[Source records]
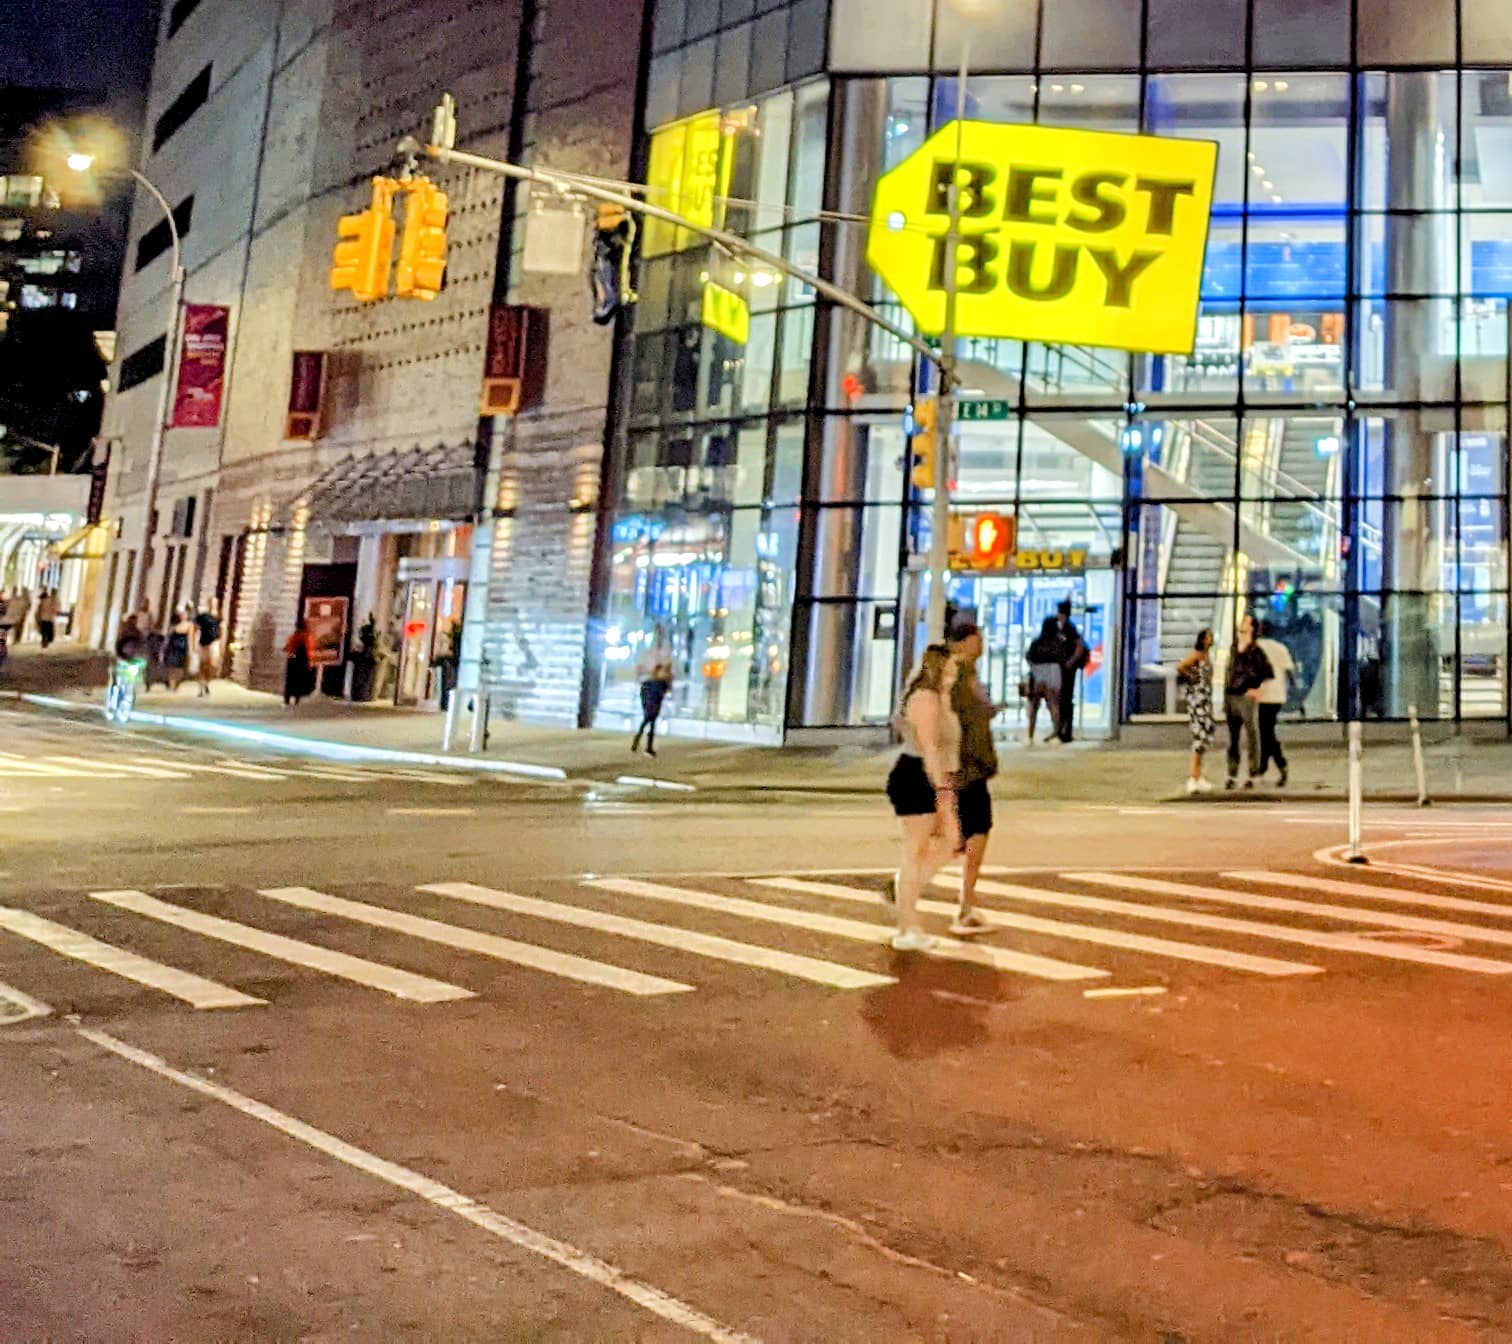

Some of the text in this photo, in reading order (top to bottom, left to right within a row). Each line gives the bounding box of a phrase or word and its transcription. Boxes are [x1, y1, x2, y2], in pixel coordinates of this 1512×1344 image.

[925, 160, 1196, 237] BEST
[926, 230, 1166, 309] BUY
[962, 403, 971, 418] E
[1016, 550, 1086, 569] BUY
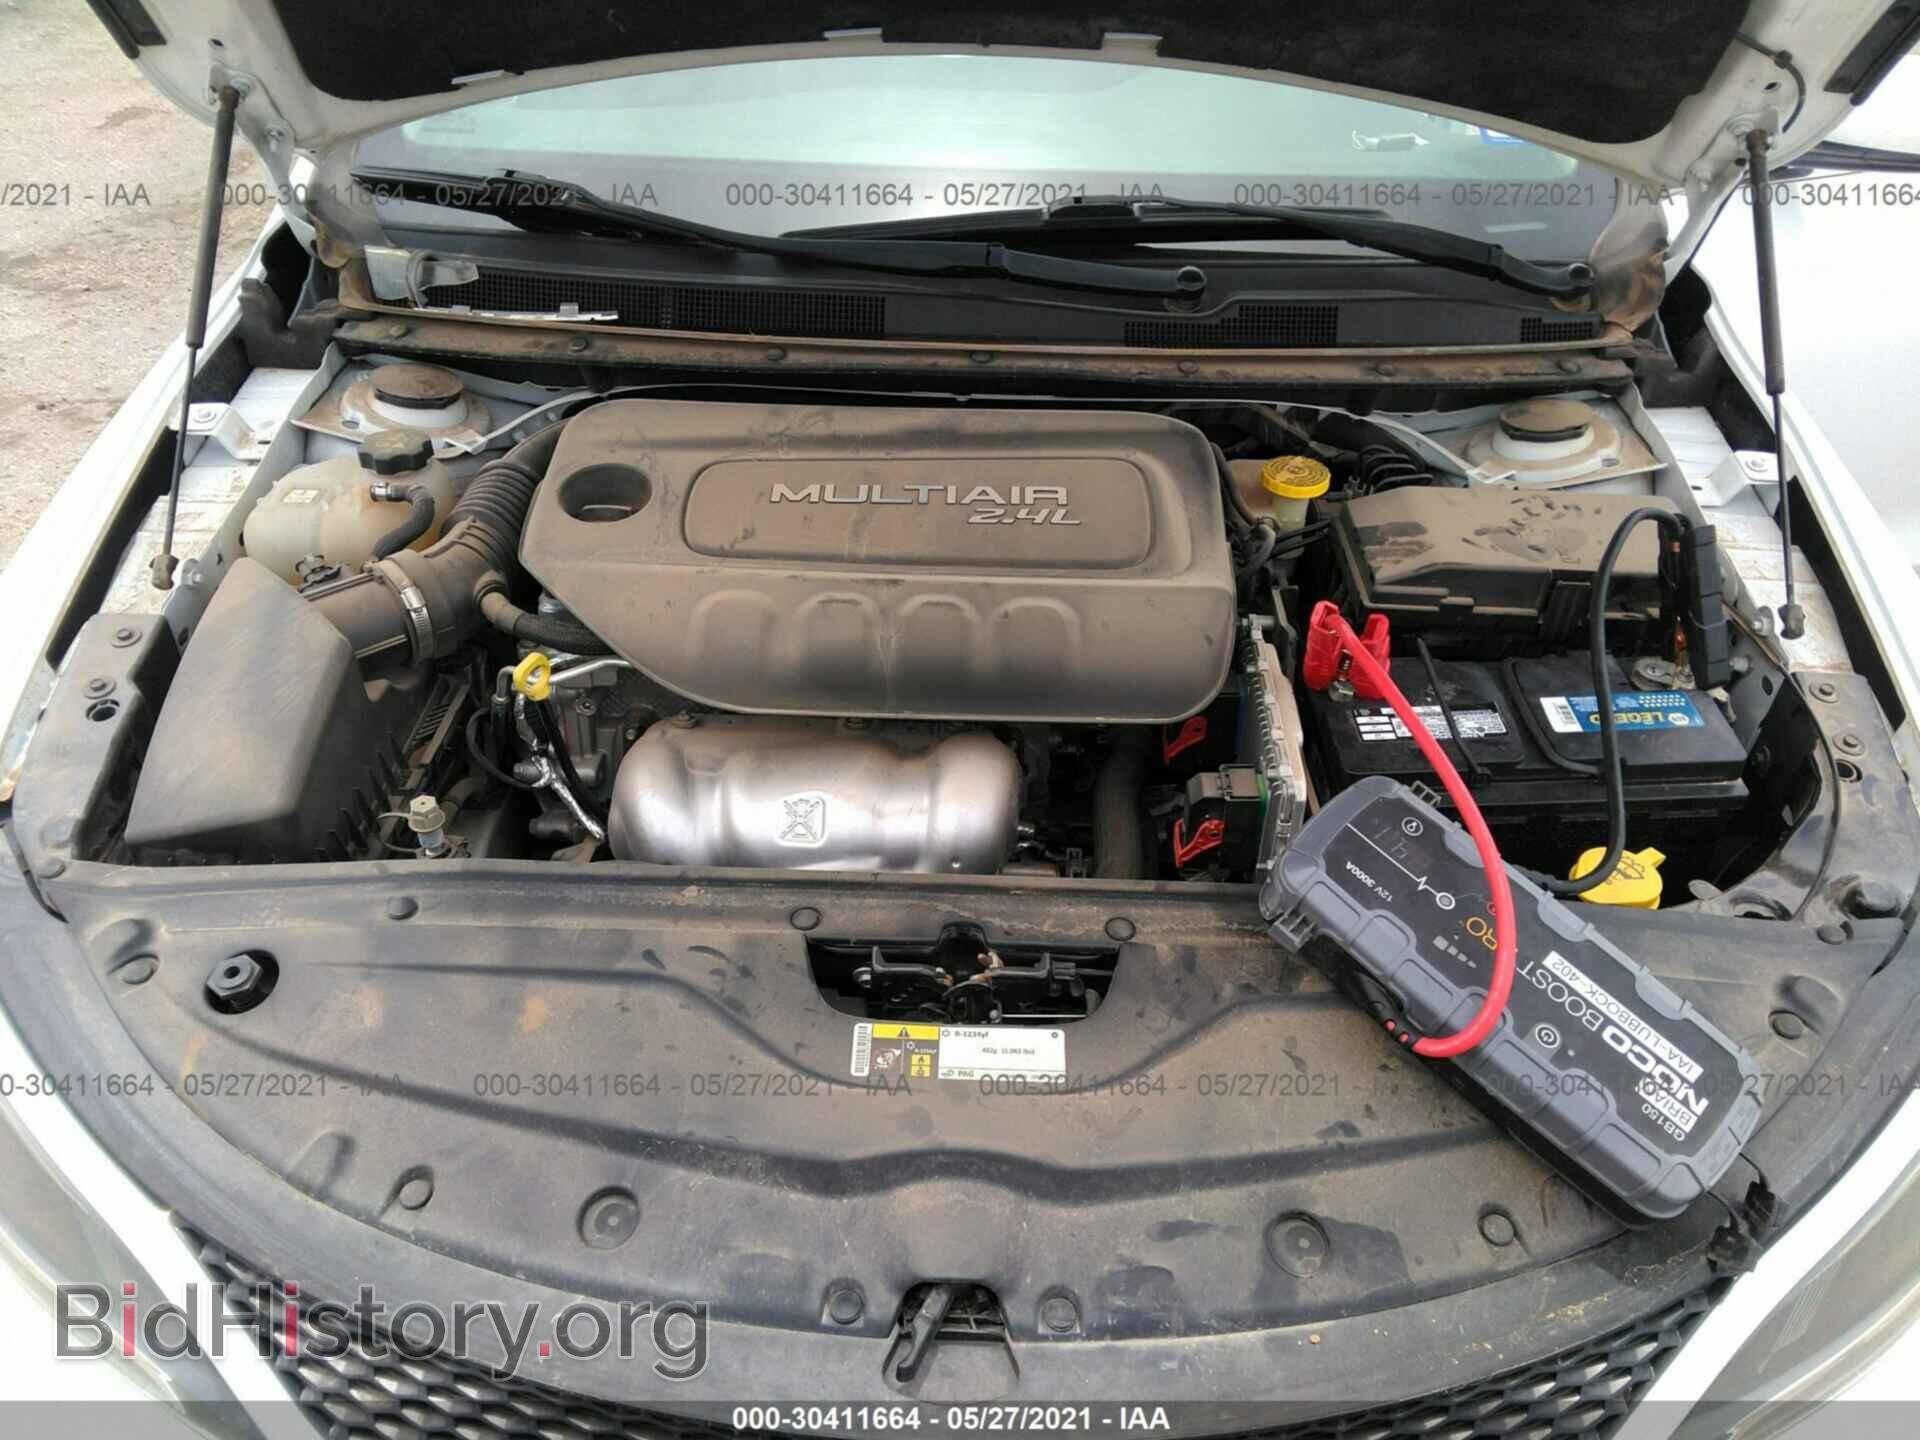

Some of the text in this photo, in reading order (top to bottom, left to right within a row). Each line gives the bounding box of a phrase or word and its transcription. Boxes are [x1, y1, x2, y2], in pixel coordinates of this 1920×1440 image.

**Exercise brief:** Because only the text is wanted, copy each record above precisely and omit its pictures.

**Solved exercise:**
Some of the text in this photo, in reading order (top to bottom, left to right within a row). Each line gives the bounding box of a phrase or word and its transcription. Boxes are [x1, y1, x2, y2], in pixel coordinates of this 1512×1344 image.

[925, 160, 1196, 237] BEST
[926, 230, 1166, 309] BUY
[962, 403, 971, 418] E
[1016, 550, 1086, 569] BUY

Some of the text in this photo, in reading order (top to bottom, left to right within a row). Each line gives the bounding box of a phrase or word and its transcription. Boxes are [x1, y1, x2, y2], in pixel coordinates of this 1920×1440 image.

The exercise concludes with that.